REQUIRED ACTION » Below are the records; print them again exactly and omit the pictures.

THE DATA »
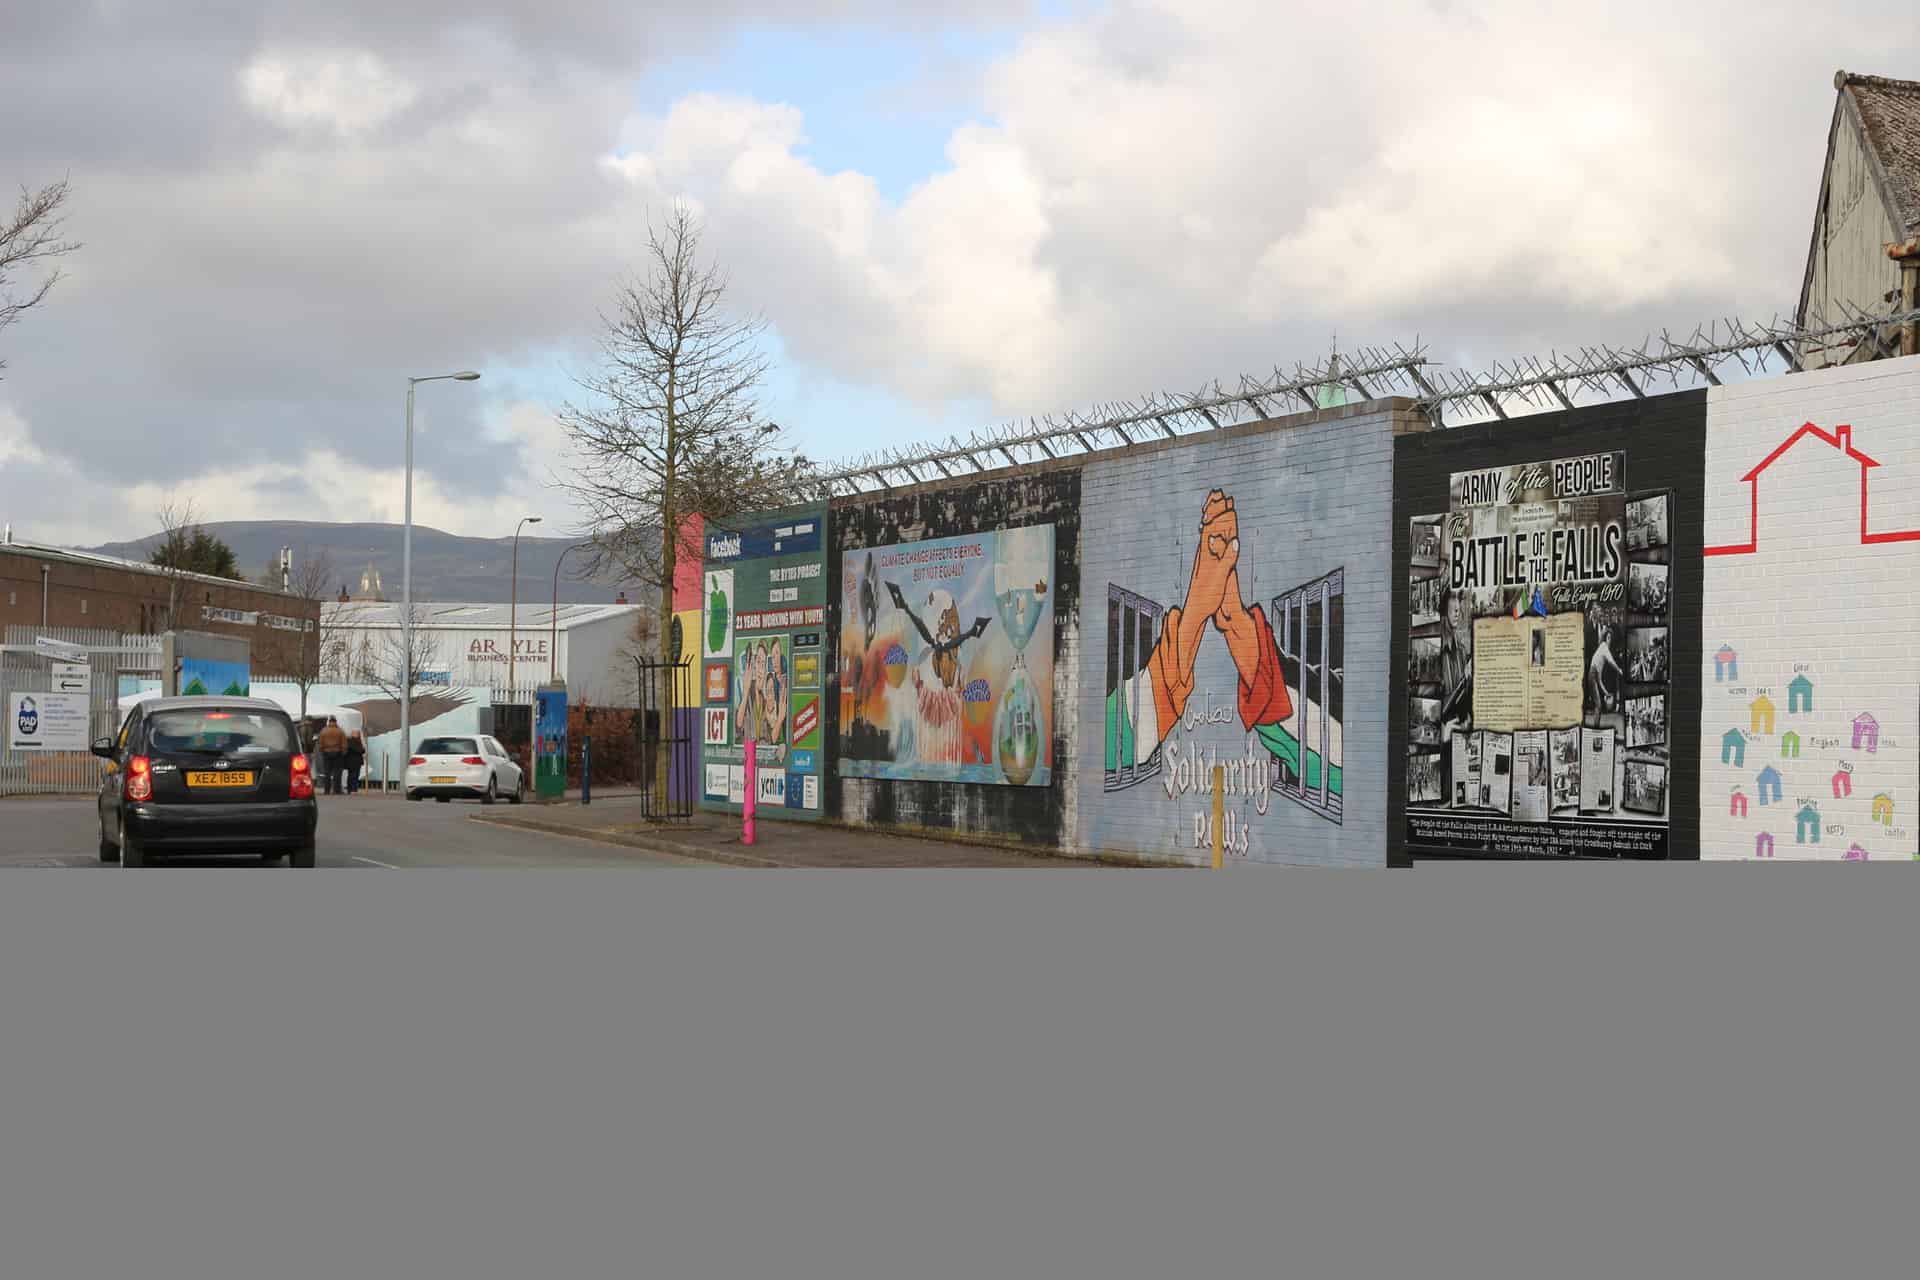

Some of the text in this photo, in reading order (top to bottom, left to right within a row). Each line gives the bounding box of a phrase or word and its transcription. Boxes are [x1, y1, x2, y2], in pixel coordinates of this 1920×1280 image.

[1461, 456, 1612, 505] ARMY of the PEOPLE
[710, 533, 741, 559] facebook
[1451, 524, 1620, 589] BATTLE OF THE FALLS
[707, 711, 725, 741] ICT
[194, 773, 217, 784] XEZ
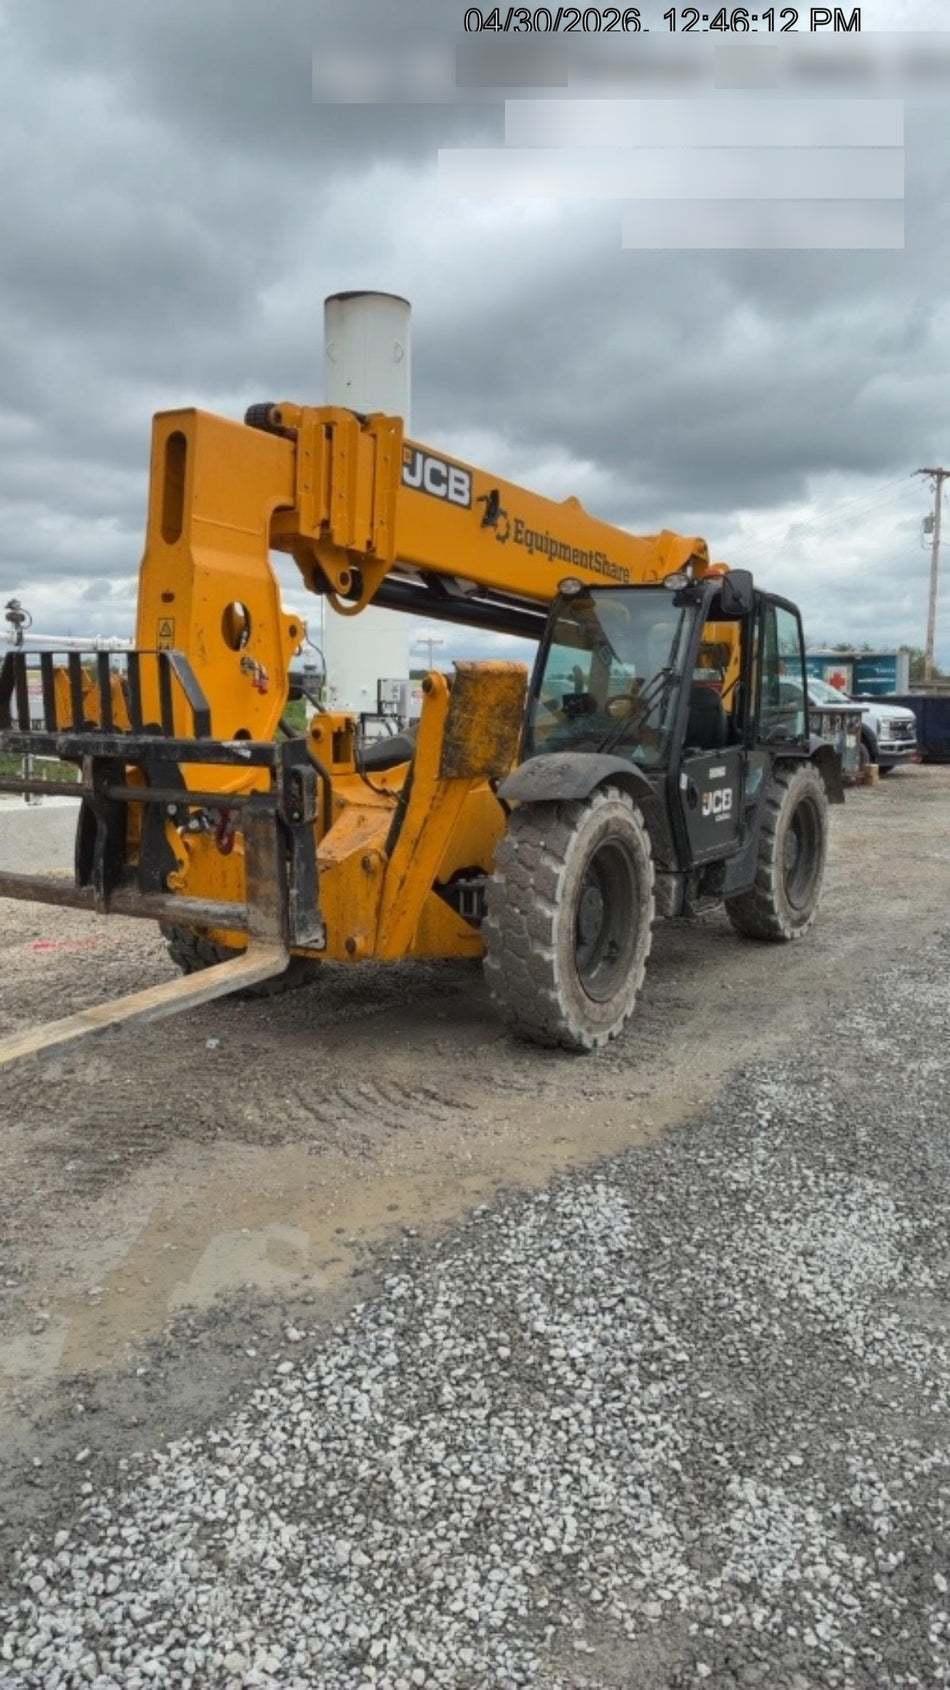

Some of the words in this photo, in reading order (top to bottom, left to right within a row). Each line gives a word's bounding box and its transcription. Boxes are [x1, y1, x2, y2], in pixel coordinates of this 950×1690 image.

[403, 451, 470, 506] JCB
[513, 517, 630, 583] EquipmentShare
[702, 788, 733, 816] JCB
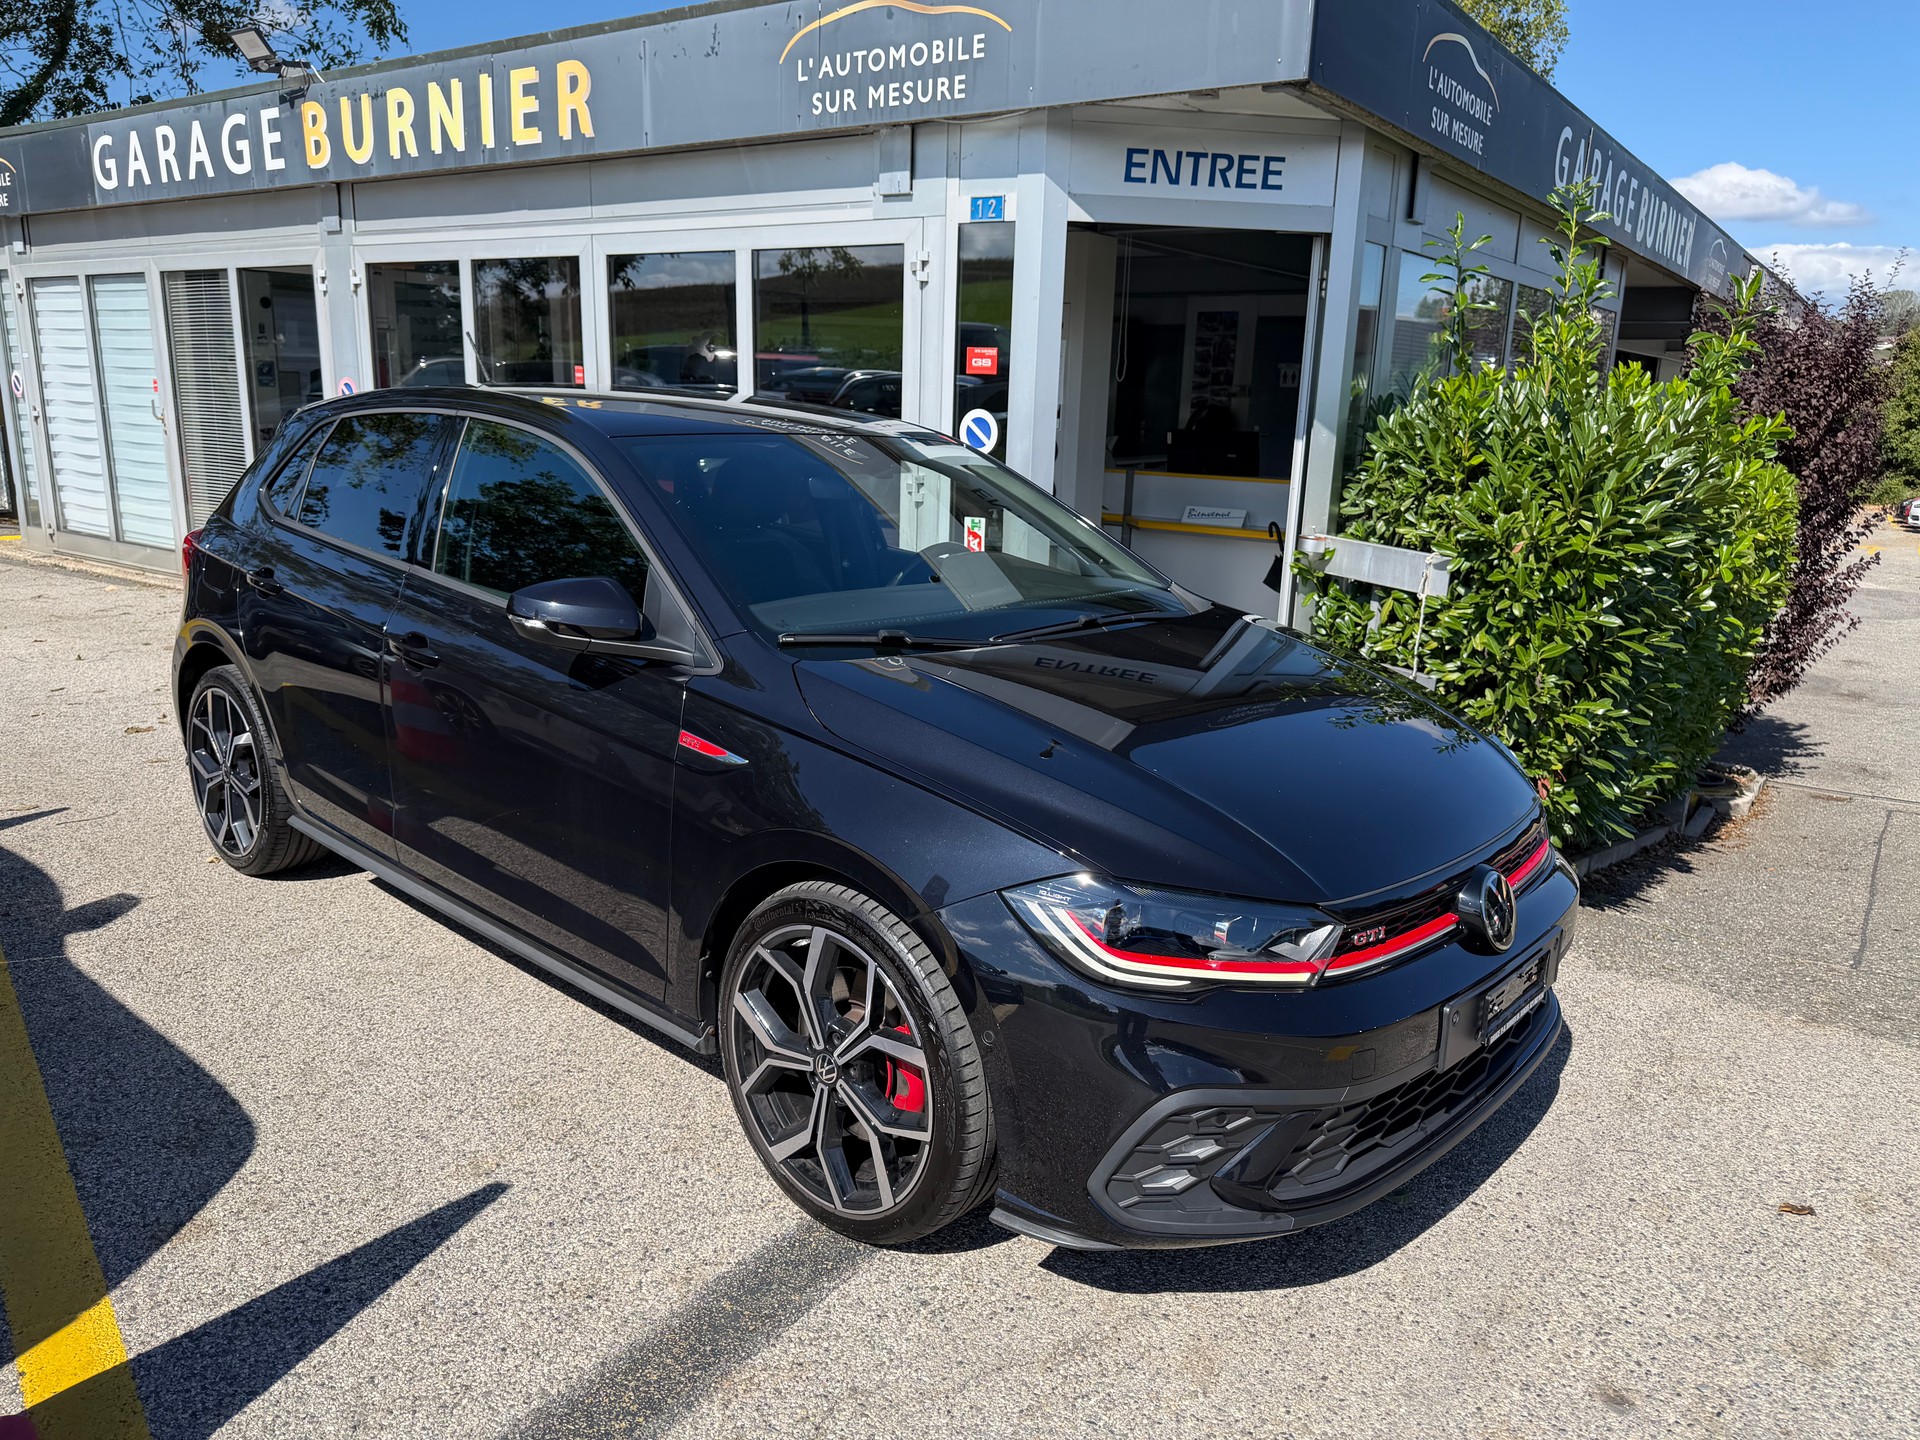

FINAL ANSWER »
Some of the text in this photo, in reading order (top to bottom, left to right within a row). Each line gives the bounding box of a phrase or word and its transcription. Boxes are [x1, y1, x2, y2], in pixel coordinates of this 1920×1280 image.

[1461, 456, 1612, 505] ARMY of the PEOPLE
[710, 533, 741, 559] facebook
[1451, 524, 1620, 589] BATTLE OF THE FALLS
[707, 711, 725, 741] ICT
[194, 773, 217, 784] XEZ

Some of the words in this photo, in reading order (top to bottom, left to right within a row). Each line gives a word's bounding box and its transcription. Boxes are [x1, y1, x2, y2], in pixel coordinates of this 950×1690 image.

[403, 451, 470, 506] JCB
[513, 517, 630, 583] EquipmentShare
[702, 788, 733, 816] JCB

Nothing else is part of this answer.